Are Young Voters Key to Liberal Victory?

Are Young Voters Key to Liberal Victory?

Following Super Tuesday, the Democratic Party was left with two viable candidates for the 2020 general election: Joe Biden and Bernie Sanders. With Biden leading the delegate count, Sanders has dropped out of the running for candidacy.

Sanders had been a contender for the liberal party’s nomination thanks in large part to the strong resonance of his philosophies among young Americans. Millennial and Generation Z voters appreciated his sweeping, big government solutions to the country’s problems and made up a significant proportion of his support base.

But these voters, while growing in number, have proven not to be a reliable presence in elections.  The liberal party must now decide how much effort to put into mobilizing young voters for the November general election. Are young voters key to liberal victory?

A Growing Force in the Electorate

Millennials and Generation Z make up more than a third of eligible voters in 2020. Millennials, born 1981-1996, make up an estimated 27% of eligible voters, while Generation Z, born after 1996, make up ten percent of eligible voters.[1]
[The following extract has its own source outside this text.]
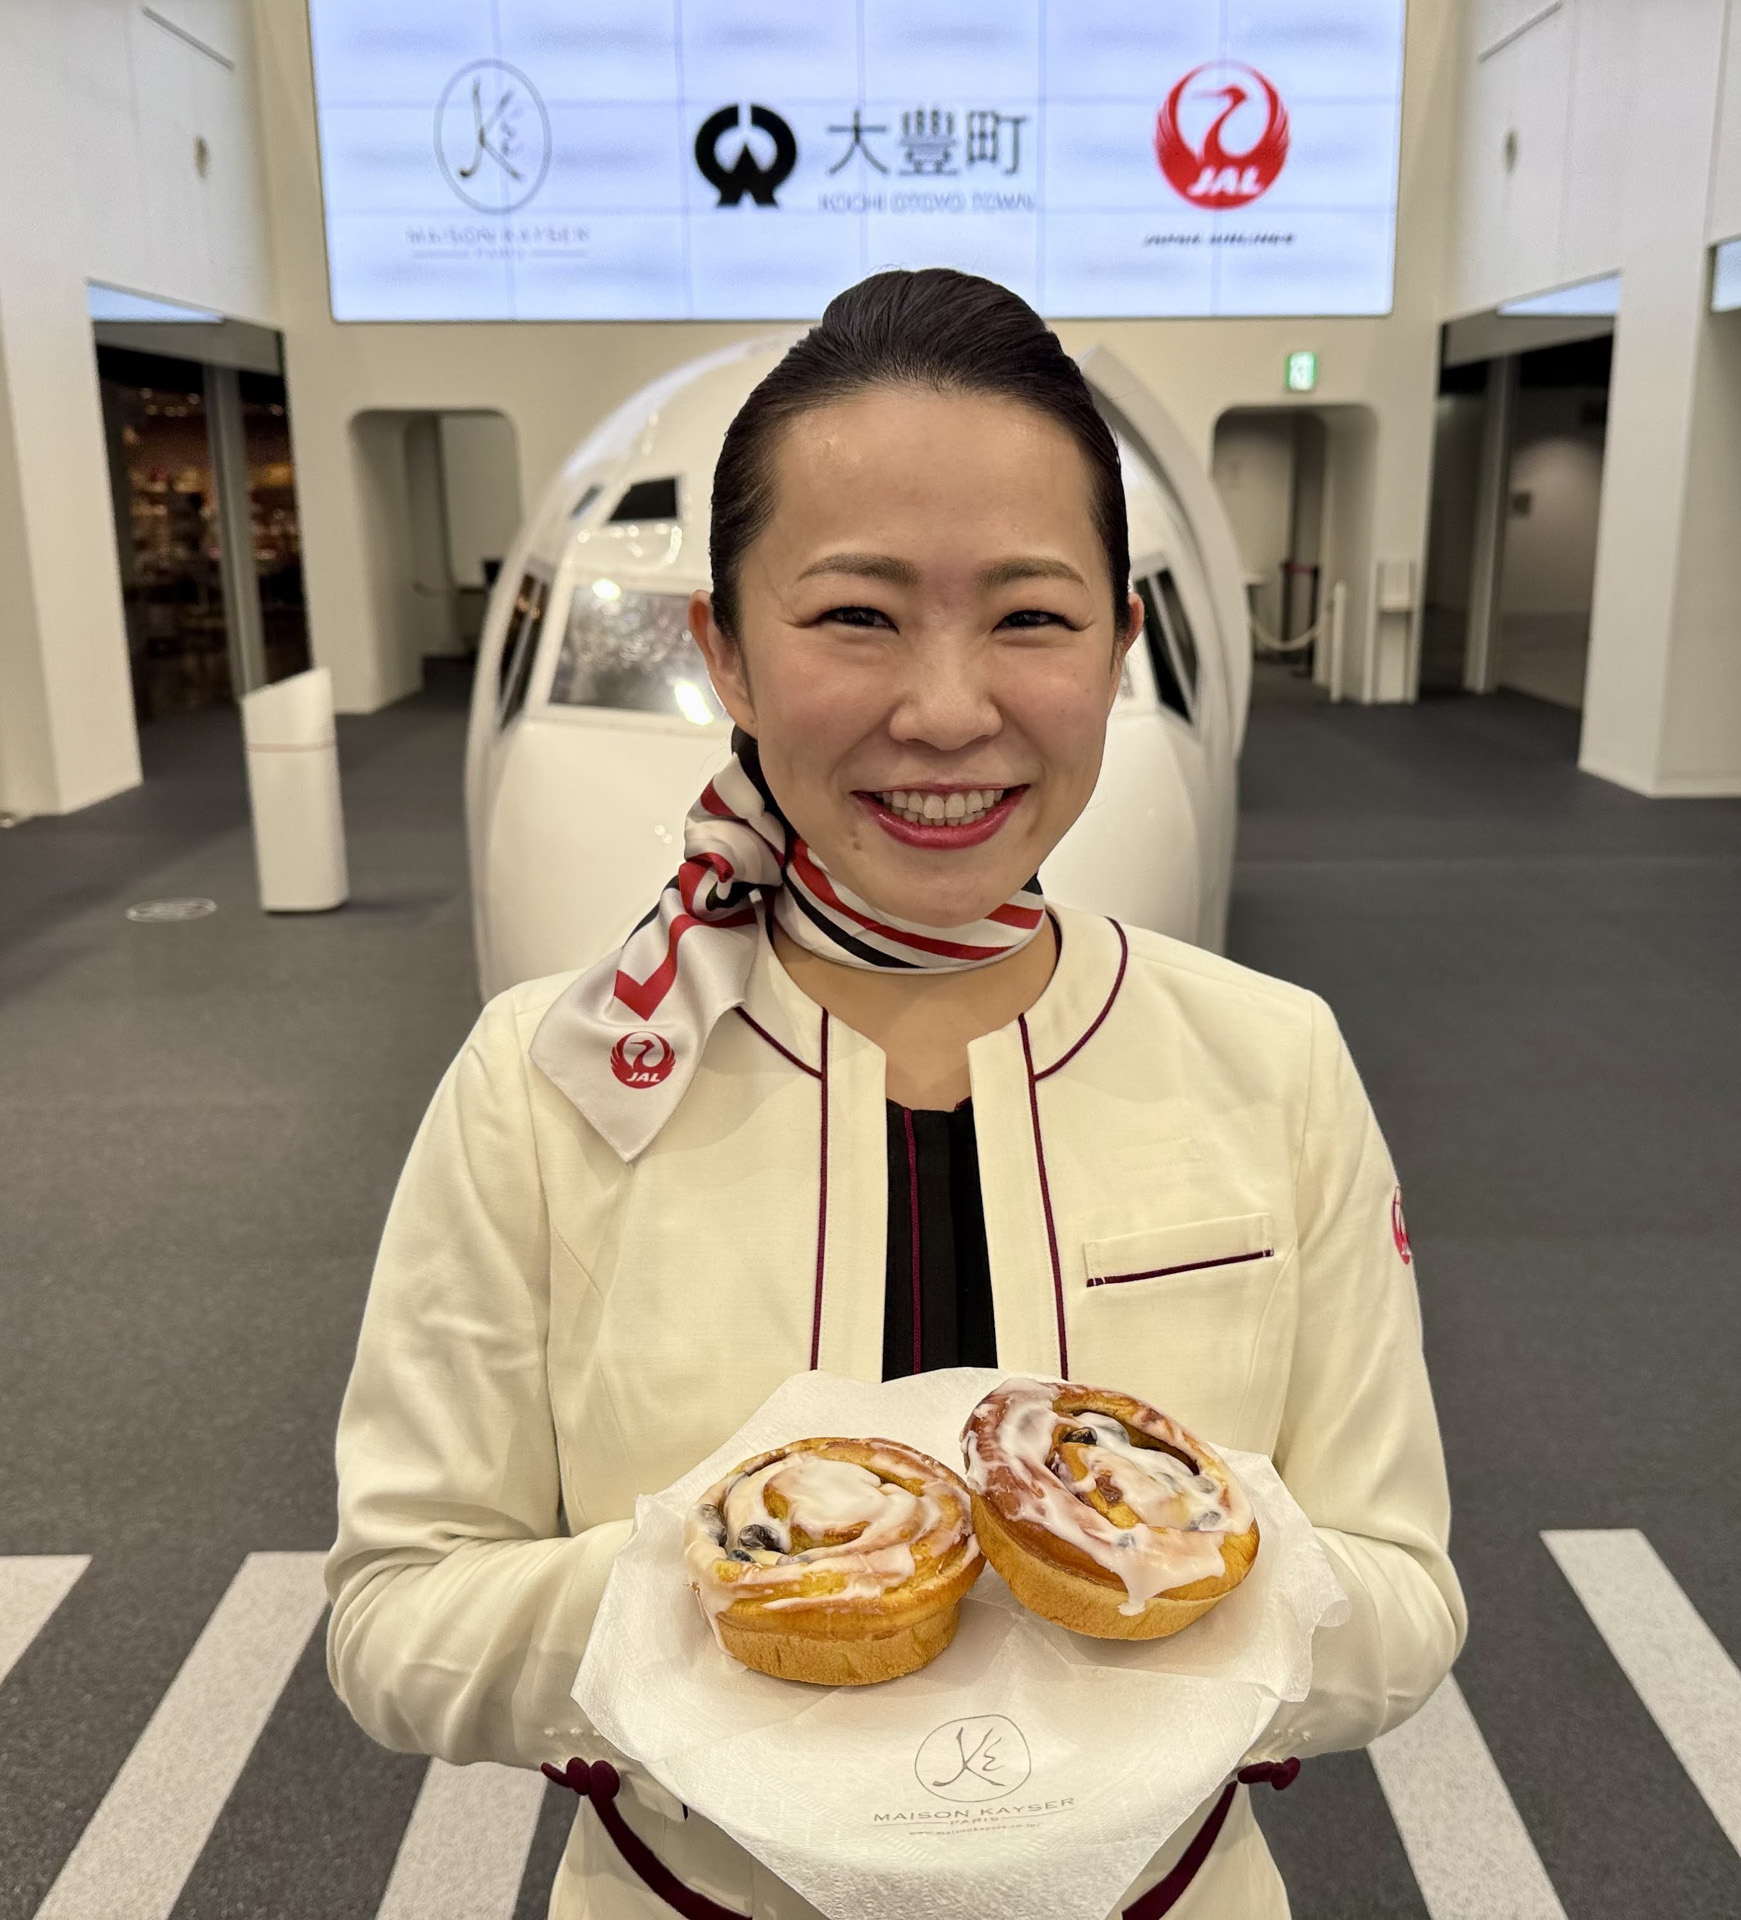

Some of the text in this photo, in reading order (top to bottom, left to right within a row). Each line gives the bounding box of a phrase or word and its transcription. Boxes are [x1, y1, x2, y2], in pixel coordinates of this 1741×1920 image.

As Generation Z continues maturing to voting age, it will grow into a larger proportion of eligible voters. Meanwhile, the Baby Boomer generation will diminish in size, giving younger generations more power at the polls.

Lackluster Attendance at the Polls

Though more than a third of eligible voters are young adults, several exit polls indicate that youth turnout for Super Tuesday voting was low in 2020. One estimate shows the youth turnout between five and 19 percent in various Super Tuesday states[2], though this poll does not include older Millennials in its count.

Pundits blame low youth turnout on several factors. Frequent relocation, difficulty navigating the registration process, disillusionment with politics, and a lack of inspiring candidates may all play a factor in dissuading young adults from showing up at the polls to cast their vote.

Investing in the Party’s Future

Though young voters are slow to engage in the political process, the liberal party needs to put effort into mobilizing them in order to increase its power in Washington. Millennial and Generation Z voters make up a significant and critical part of the electorate, and their numbers will continue to grow. Liberal party leaders ignore them at their own peril. It’s likely that young voters are key to liberal victory.